On the other hand, I also know that there is no good reason to rely solely on quantitative analysis. After all, quantitative analysis is based squarely on whatever measurements have been made, and nothing more. But why those measurements? Why not others? Which others? These last questions are often answered by non-quantitative analysis.

Further, I know that not everyone who practices data analysis is very good at it. To be truly successful, one needs technical competence, organizational competence and a willing and interested audience. Many practitioners whom I've encountered do not even have the first of those things. Yet others are technically proficient, but are unable to apply the science to substantive problems which the organization or client needs solved.

There are plenty of cases where quantitative analysis projects have failed miserably, often after having been heavily marketed with unrealistic promises.

In summary: quantitative analysis can work, though it will not work in all cases. How well one will do without it depends very much on circumstances. I have certainly encountered my share of "old hands" who has "industry experience" which turned out to be dead wrong.

Maddie Grant said...

Will - from our "skeptical" point of view, we have heard a lot of the same thing, where it seems hard to know if the value of the excercise has been proven - and if one agrees that we need experienced people or companies to run those surveys, collect the data, or analyze the data, then it's hard to know how to find the "right" expertise (whether internally or externally). Just seems like so many variables and a lot of uncertainty - which is the paradox at the heart of the science of data mining which you would think would be dealing with cold hard facts! I do however see an inherent value in learning from unexpected results, perhaps, rahter than from results which confirm what we think we know already.

Anonymous said...

Many discussions of this nature and of many other comparisons seem to be of an “either or” nature; or are “it’s perfect or it’s not”. I think it comes down to what you are trying to accomplish. Are you trying to find “the one right answer” or are you trying to improve upon the current results.
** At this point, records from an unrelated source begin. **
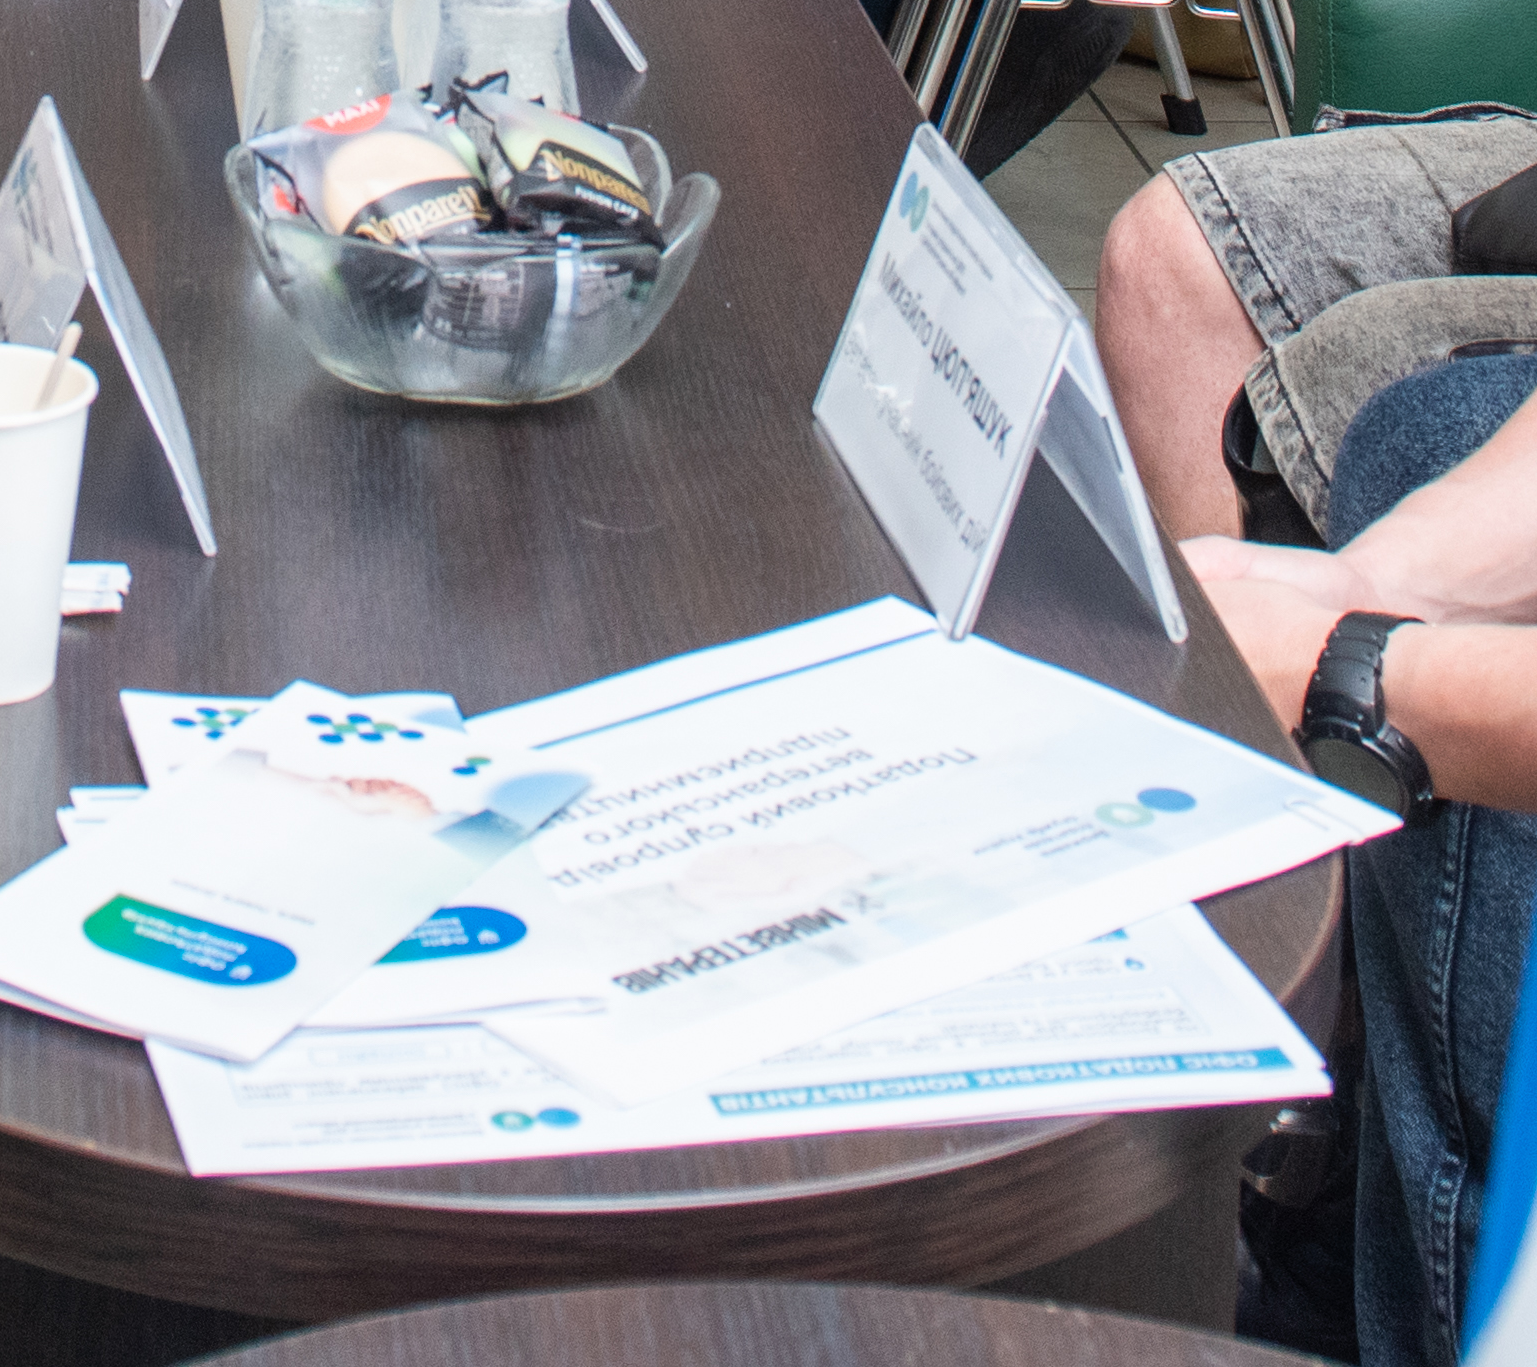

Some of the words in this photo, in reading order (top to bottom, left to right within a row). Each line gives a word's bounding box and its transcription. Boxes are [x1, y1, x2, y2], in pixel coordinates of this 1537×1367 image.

[322, 99, 381, 128] MAXI
[878, 251, 934, 348] Михайло
[553, 726, 852, 823] підприємництв
[583, 747, 874, 845] ветеранського
[740, 747, 978, 829] Податковий
[550, 821, 735, 890] супровід
[612, 906, 849, 995] МІНВЕТЕРАНІВ
[718, 1072, 969, 1112] КОНСУЛЬТАНТІВ
[978, 1058, 1171, 1088] ПОДАТКОВИХ
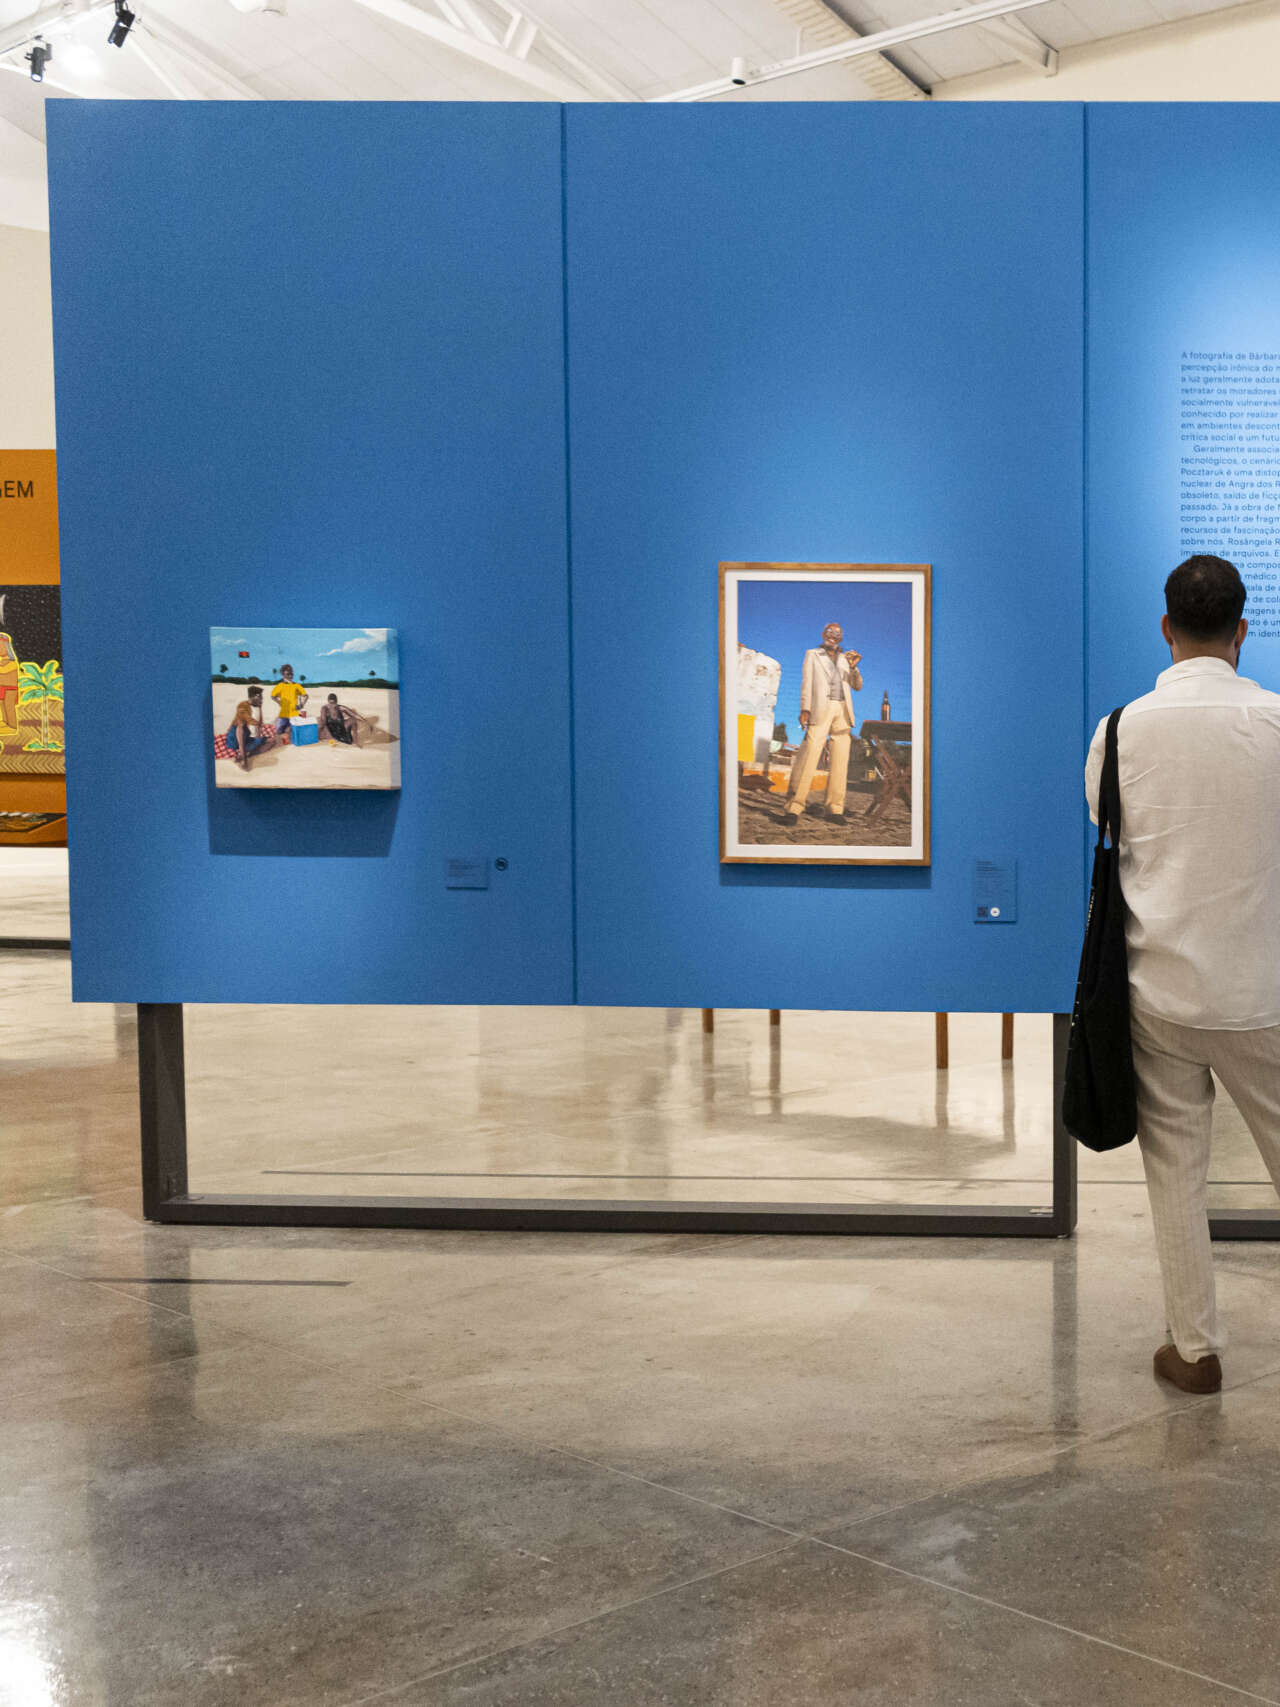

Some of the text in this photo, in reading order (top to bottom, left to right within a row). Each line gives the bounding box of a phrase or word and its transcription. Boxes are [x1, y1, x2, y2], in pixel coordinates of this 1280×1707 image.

[1181, 351, 1187, 360] A
[1189, 351, 1232, 361] fotografia
[1235, 351, 1246, 360] de
[1262, 363, 1273, 372] do
[1188, 374, 1200, 383] luz
[1202, 374, 1252, 384] geralmente
[1180, 386, 1213, 394] retratar
[1229, 386, 1276, 395] moradores
[1180, 398, 1233, 406] socialmente
[1180, 409, 1226, 418] conhecido
[1229, 411, 1243, 420] por
[1246, 409, 1277, 418] realizar
[1197, 421, 1242, 430] ambientes
[1210, 432, 1235, 441] social
[1193, 444, 1244, 453] Geralmente
[1180, 479, 1211, 487] nuclear
[1215, 479, 1225, 488] de
[1228, 479, 1254, 489] Angra
[1256, 479, 1272, 488] dos
[0, 480, 34, 498] EM
[1248, 490, 1259, 499] de
[1241, 502, 1261, 511] obra
[1264, 502, 1274, 511] de
[1180, 515, 1206, 524] corpo
[1216, 514, 1239, 524] partir
[1242, 514, 1253, 522] de
[1220, 525, 1231, 534] de
[1233, 525, 1280, 535] fascinação
[1180, 536, 1204, 545] sobre
[1264, 583, 1275, 592] de
If it is truly “better” results i.e. an improvement over the current state then perhaps subjective inputs are best, perhaps more systematic inputs are best or perhaps some combinations of both. Something doesn’t need to be perfect to offer an improvement over the current state. Instead of looking for the holes in one or both approaches perhaps looking at the tradeoffs and gains simultaneously is a better approach? You also never truly know unless you test it out and even then your results are only valid in the context in which they were obtained.
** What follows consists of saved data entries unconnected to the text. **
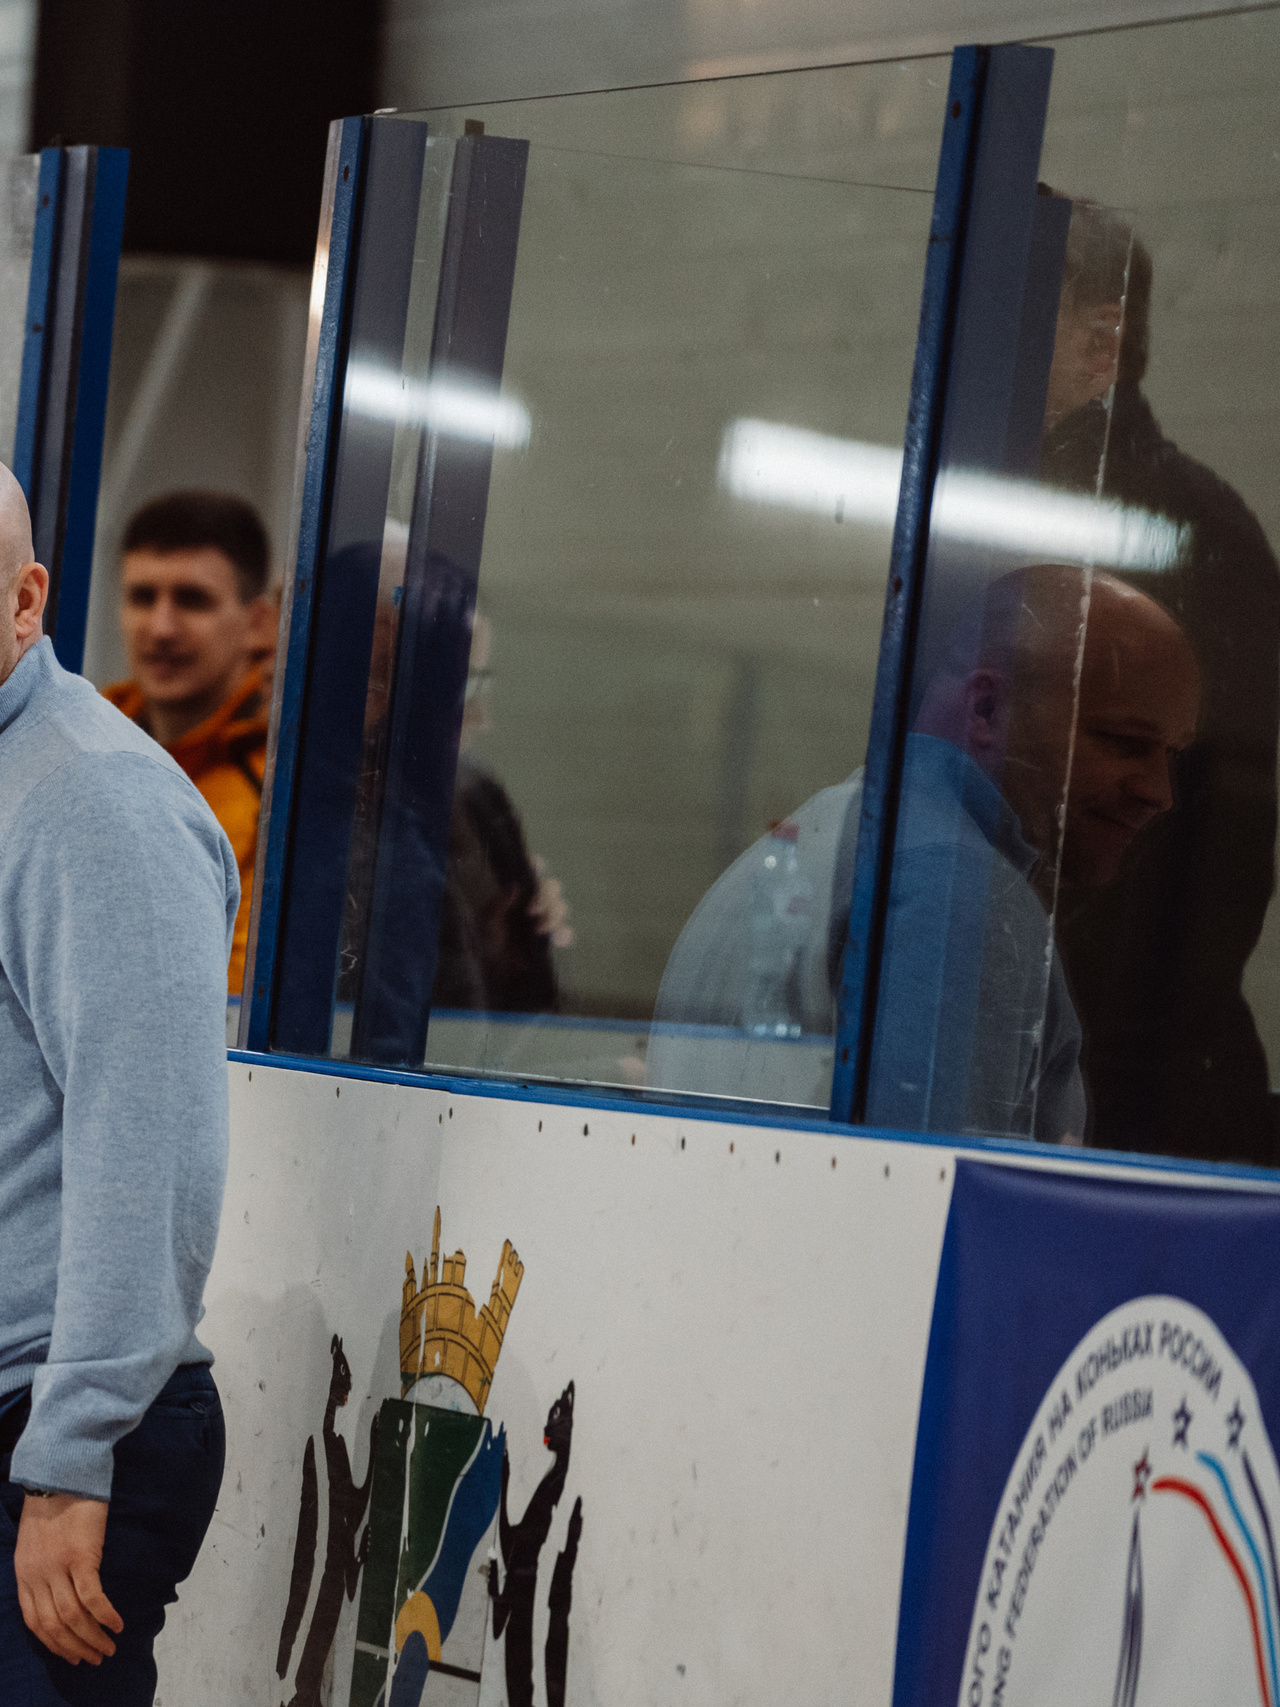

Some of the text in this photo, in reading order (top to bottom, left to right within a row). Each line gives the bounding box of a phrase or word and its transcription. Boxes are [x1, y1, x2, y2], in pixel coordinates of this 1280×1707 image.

[986, 1433, 1047, 1611] КАТАНИЯ
[1047, 1389, 1074, 1443] НА
[1074, 1319, 1154, 1400] КОНЬКАХ
[1157, 1319, 1224, 1402] РОССИИ
[1004, 1447, 1077, 1640] FEDERATION
[1074, 1415, 1098, 1463] OF
[1100, 1386, 1154, 1438] RUSSIA
One guarantee is that individuals are different and thus the individuals’ ability will be important no matter what approach is taken. Each person will be better or worse then others at any respective task.

This is in no way a conclusion to the question but in the scope of my personal experience I’ve seen and found personally that the more systematic approach tends to outperform the more subjective approach simply because the systematic approach can be externalized and it’s properties more rigorously tested. Perhaps there are experts who know more out there “intuitively” but any talented person will demonstrate some of what is usually called intuition simply because they have a deeper understanding of the subject or methodologies at hand.

The path taken and the results obtained are both important. Without both the results cannot be reliably reproduced or answer the problem at hand.

My 2-cents,

Jay

Anonymous said...

A big part of the problem is that many people expect science to provide right and proven answers. Yet any statistical analysis, when focused on individual cases, is sometimes going to be wrong. So if you look at it from the point of view of consumer, you say: Wait a minute, you're going to plow through all of this data of mine,including a great deal I didn't know you had, and then, if you don't focus on the right data and ask the right questions, you might get it wrong?! And I'm supposed to go along with this?...

I think the whole industry has some public educating to do.